#### EXERCISE DESCRIPTION:
Restate all entries exactly. Skip the images.

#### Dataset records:
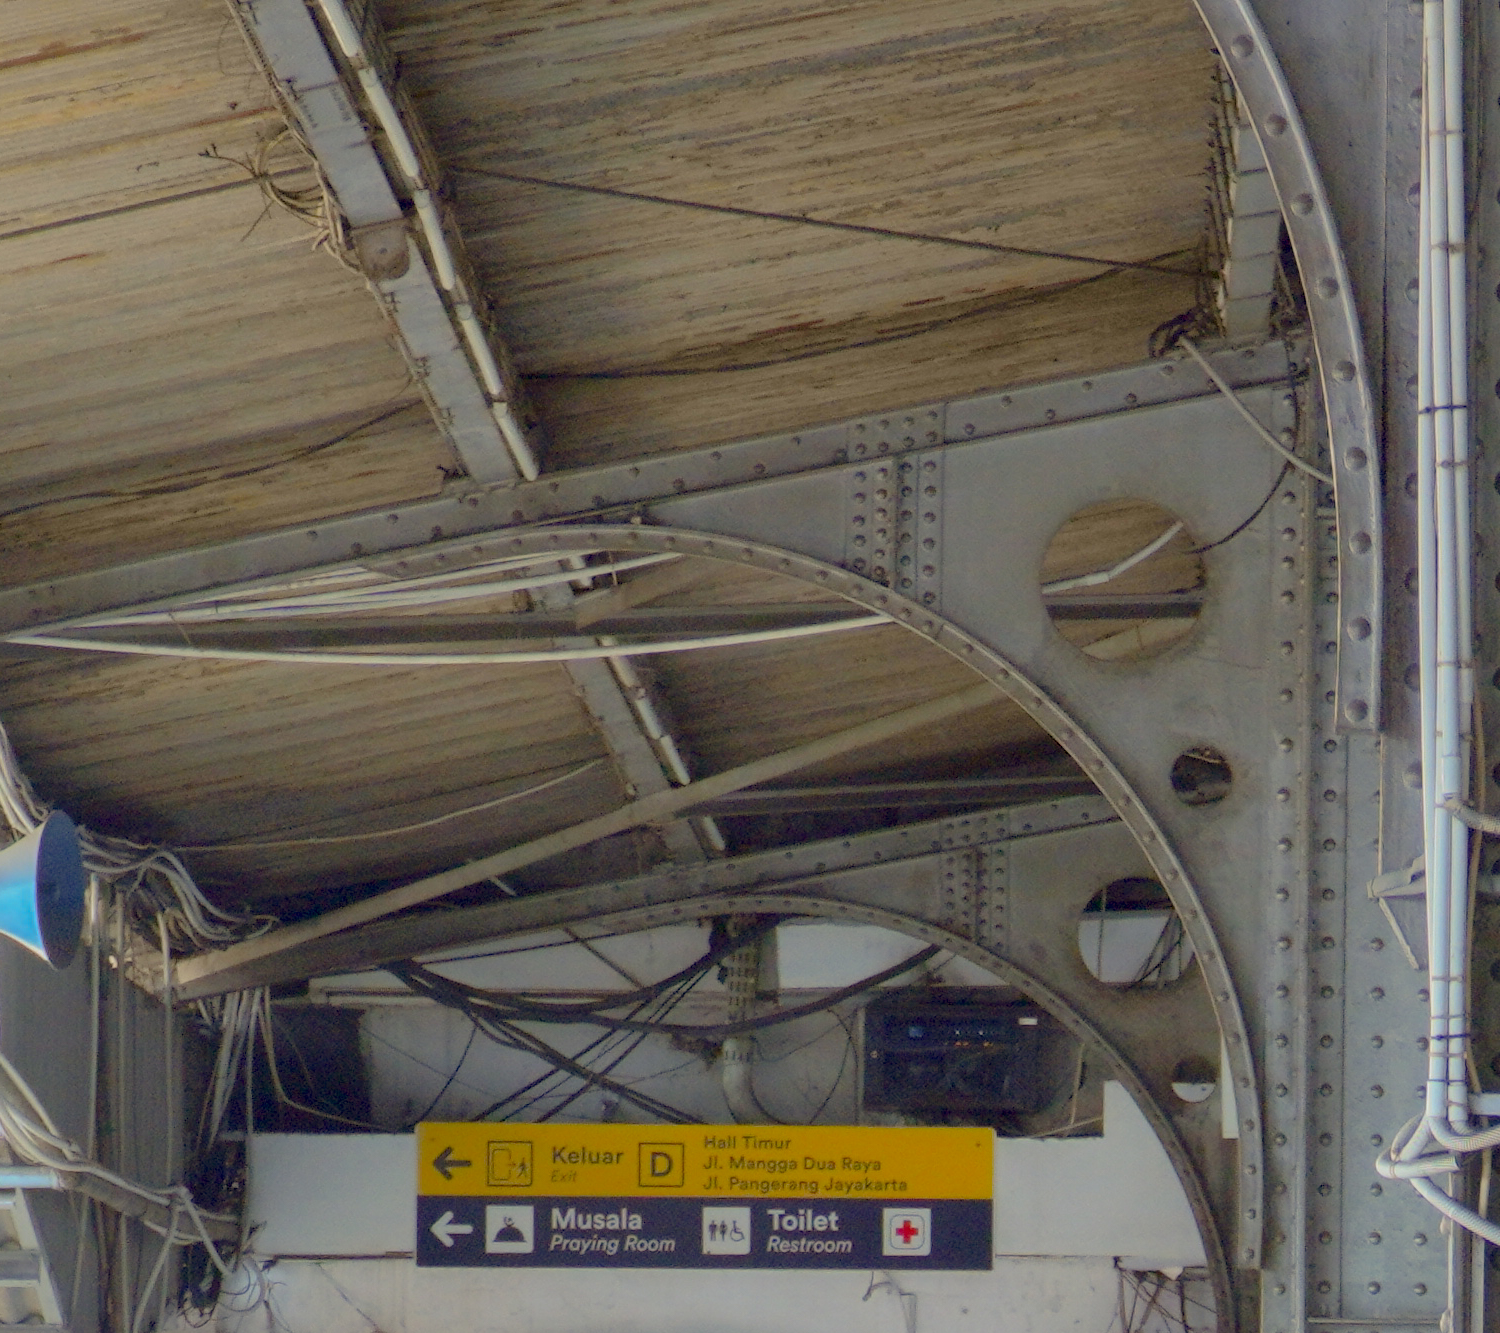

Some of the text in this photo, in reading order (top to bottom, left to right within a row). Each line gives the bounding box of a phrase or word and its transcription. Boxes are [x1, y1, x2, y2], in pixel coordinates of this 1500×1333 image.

[704, 1136, 792, 1150] Hall Timur
[551, 1146, 623, 1166] Keluar
[650, 1152, 673, 1178] D
[703, 1156, 882, 1174] Jl. Mangga Dua Raya
[551, 1169, 577, 1184] Exit
[703, 1176, 723, 1191] Jl.
[824, 1177, 908, 1195] Jayakarta
[550, 1207, 643, 1231] Musala
[767, 1210, 839, 1232] Toilet
[550, 1235, 676, 1256] Praying Room
[767, 1236, 853, 1254] Restroom

#### SOLUTION TO THIS PROBLEM:
Some of the text in this photo, in reading order (top to bottom, left to right within a row). Each line gives the bounding box of a phrase or word and its transcription. Boxes are [x1, y1, x2, y2], in pixel coordinates of this 1500×1333 image.

[704, 1136, 792, 1150] Hall Timur
[551, 1146, 623, 1166] Keluar
[650, 1152, 673, 1178] D
[703, 1156, 882, 1174] Jl. Mangga Dua Raya
[551, 1169, 577, 1184] Exit
[703, 1176, 723, 1191] Jl.
[824, 1177, 908, 1195] Jayakarta
[550, 1207, 643, 1231] Musala
[767, 1210, 839, 1232] Toilet
[550, 1235, 676, 1256] Praying Room
[767, 1236, 853, 1254] Restroom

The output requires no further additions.